Cheirava-me, não sei bem porquê, a aldeia!... talvez porque das traseiras da minha casa ainda veja campos lavrados e ao longe, entre os pirilampos de luzes públicas, advinho o que vai restando das árvores semeadas nos montes - outrora floresta densa - que se estendem no escuro.

O moinho de vento, em primeiro plano, faz girar as suas pás, gemendo à brisa que passa, enquanto a sua cauda metálica tenta seguir o mínimo sopro da aragem que por ela passa.

Os galos começam a cantar, aqui um, mais além outro, mais ao fundo acorda outro, juntando a sua voz ao silêncio que, lentamente, começa a despertar!

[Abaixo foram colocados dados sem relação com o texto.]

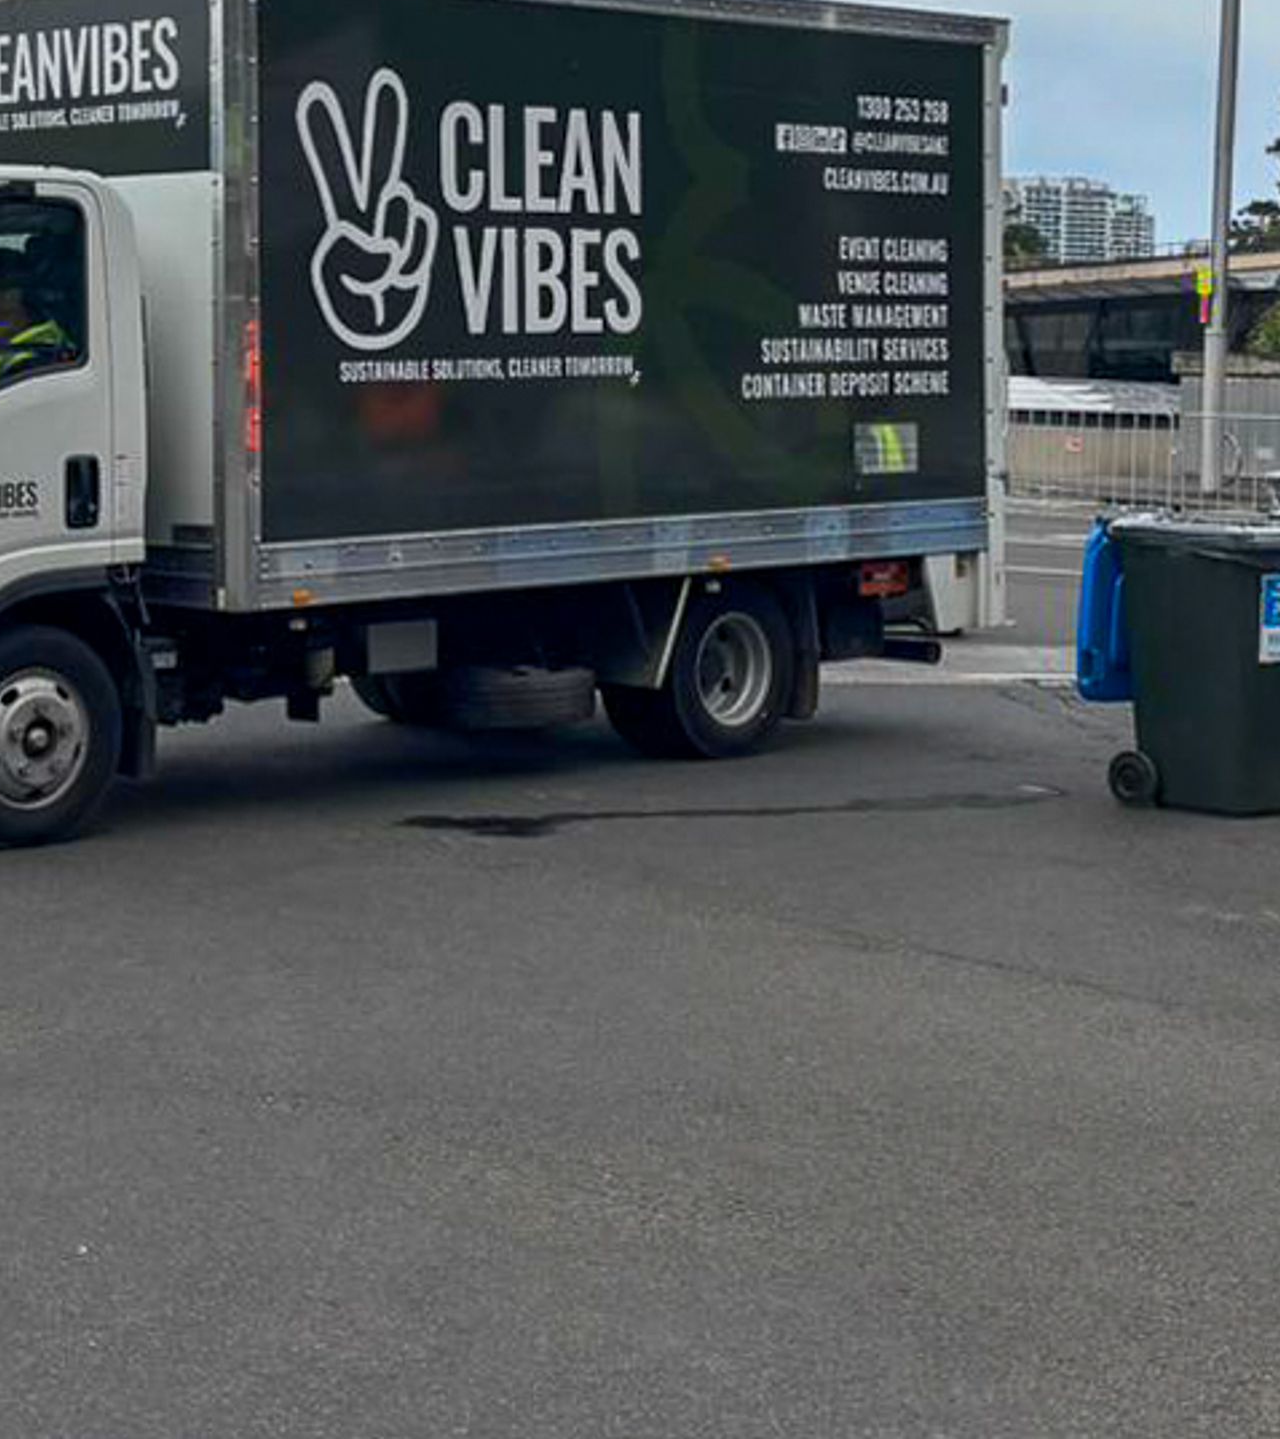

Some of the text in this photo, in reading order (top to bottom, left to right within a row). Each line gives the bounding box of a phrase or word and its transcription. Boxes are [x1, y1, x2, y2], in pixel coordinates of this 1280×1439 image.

[857, 95, 890, 120] 1300
[440, 101, 641, 215] CLEAN
[839, 235, 948, 262] EVENT CLEANING
[453, 226, 642, 335] VIBES
[838, 270, 948, 295] VENUE CLEANING
[798, 303, 948, 328] WASTE MANAGEMENT
[761, 337, 949, 364] SUSTAINABILITY SERVICES
[340, 360, 429, 382] SUSTAINABLE
[508, 357, 562, 377] CLEANER
[741, 369, 950, 399] CONTAINER DEPOSIT SCHEME
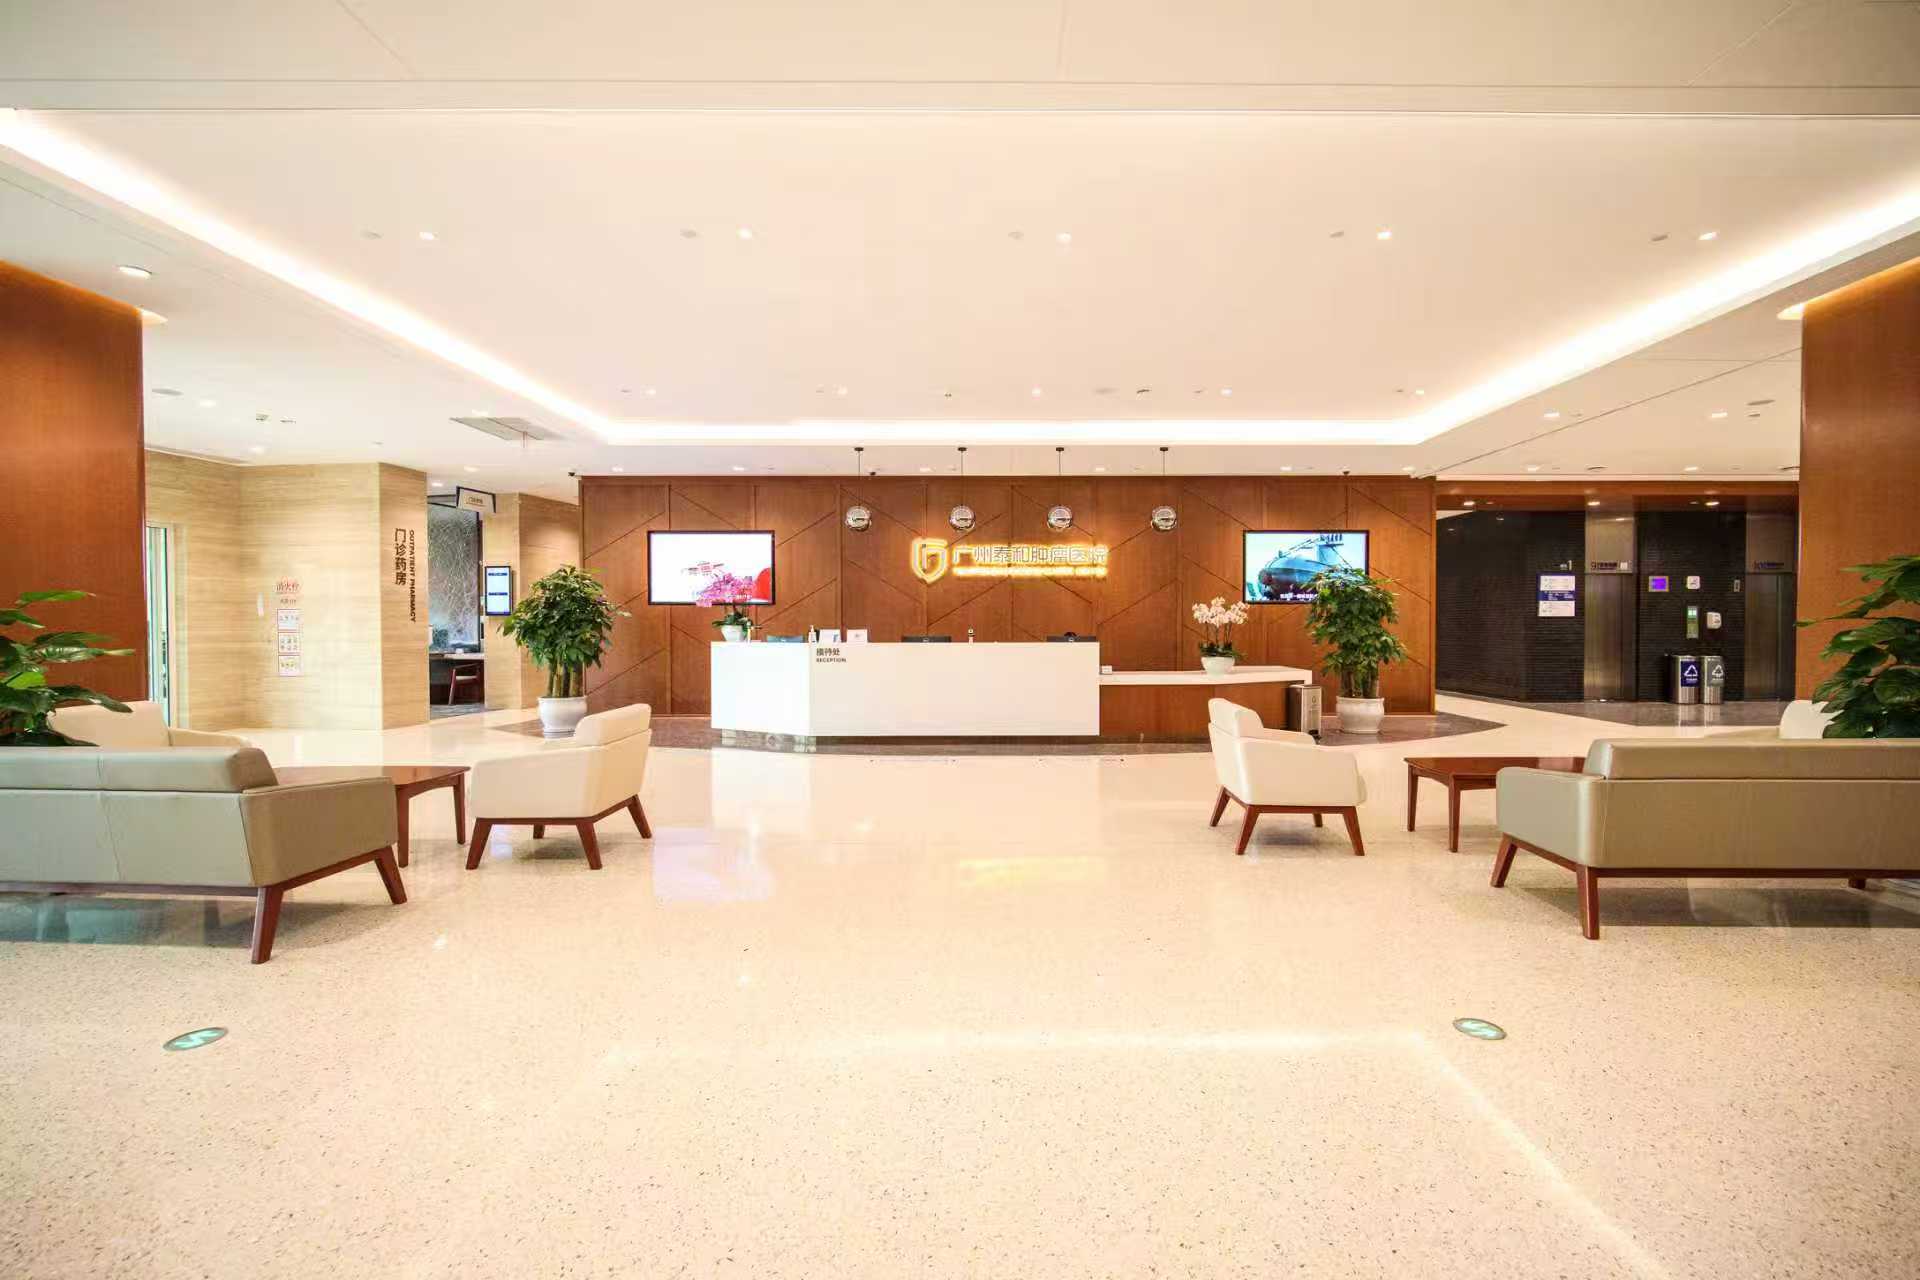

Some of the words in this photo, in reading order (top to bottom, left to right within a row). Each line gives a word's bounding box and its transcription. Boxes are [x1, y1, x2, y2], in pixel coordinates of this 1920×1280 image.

[395, 528, 406, 586] 门诊药房
[953, 546, 1106, 563] 广州泰和肿瘤医院
[816, 648, 840, 656] 接待处

Debruço-me na janela e sinto que o Outono está a chegar...

Os dias já são mais curtos, mais frescos, sinto até que o vento é diferente!

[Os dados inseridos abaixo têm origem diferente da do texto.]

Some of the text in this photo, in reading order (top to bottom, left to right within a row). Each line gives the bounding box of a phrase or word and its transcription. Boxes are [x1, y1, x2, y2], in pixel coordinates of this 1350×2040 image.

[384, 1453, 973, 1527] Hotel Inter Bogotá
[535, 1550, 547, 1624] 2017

O dia vai esmoendo o alvorecer e reparo, então, na folhagem das árvores que estão a deixar os seus tons esverdeados que conheci até há poucos dias atrás e que começam, agora, a vestir-se de cores quentes, donde sobressaem os castanhos, os vermelhos, os dourados...

As folhas começam a cair num bailado de harmonia e cor e quedam-se, imóveis, já sem vida, enfeitando o chão com um tapete crocante, emprestando à natureza as cores de uma estação em mutação!

As andorinhas, os estorninhos, os patos e outras aves começam a sua viagem para terras mais quentes...

Sinto que há qualquer coisa especial no ar!

São as primeiras chuvas, as primeiras trovoadas em concerto de som e luz, o cheiro a terra húmida...

O azul do céu, quando consegue furar o manto das nuvens, é mais pálido e mais triste.

Os pássaros residentes esvoaçam, agitados, de árvore em árvore, procurando um refúgio para a chuva, para as noites frias, para a curiosidade mórbida dos predadores...

É o Outono que se aproxima a passos agigantados!...

O pôr-do-sol pinta o horizonte de vermelho e as nuvens do fim da tarde vestem-se de cores vivas, numa miscelânea de roxos, castanhos, azuis...

Cores que me dizem que é chegado o Outono... sarapintado de nostalgia!

Cores que me convidam a caminhar ao encontro da Harmonia e a irmanar-me com a Natureza num amplexo de Paz, de Bem Estar e de reencontro com a Mãe Terra.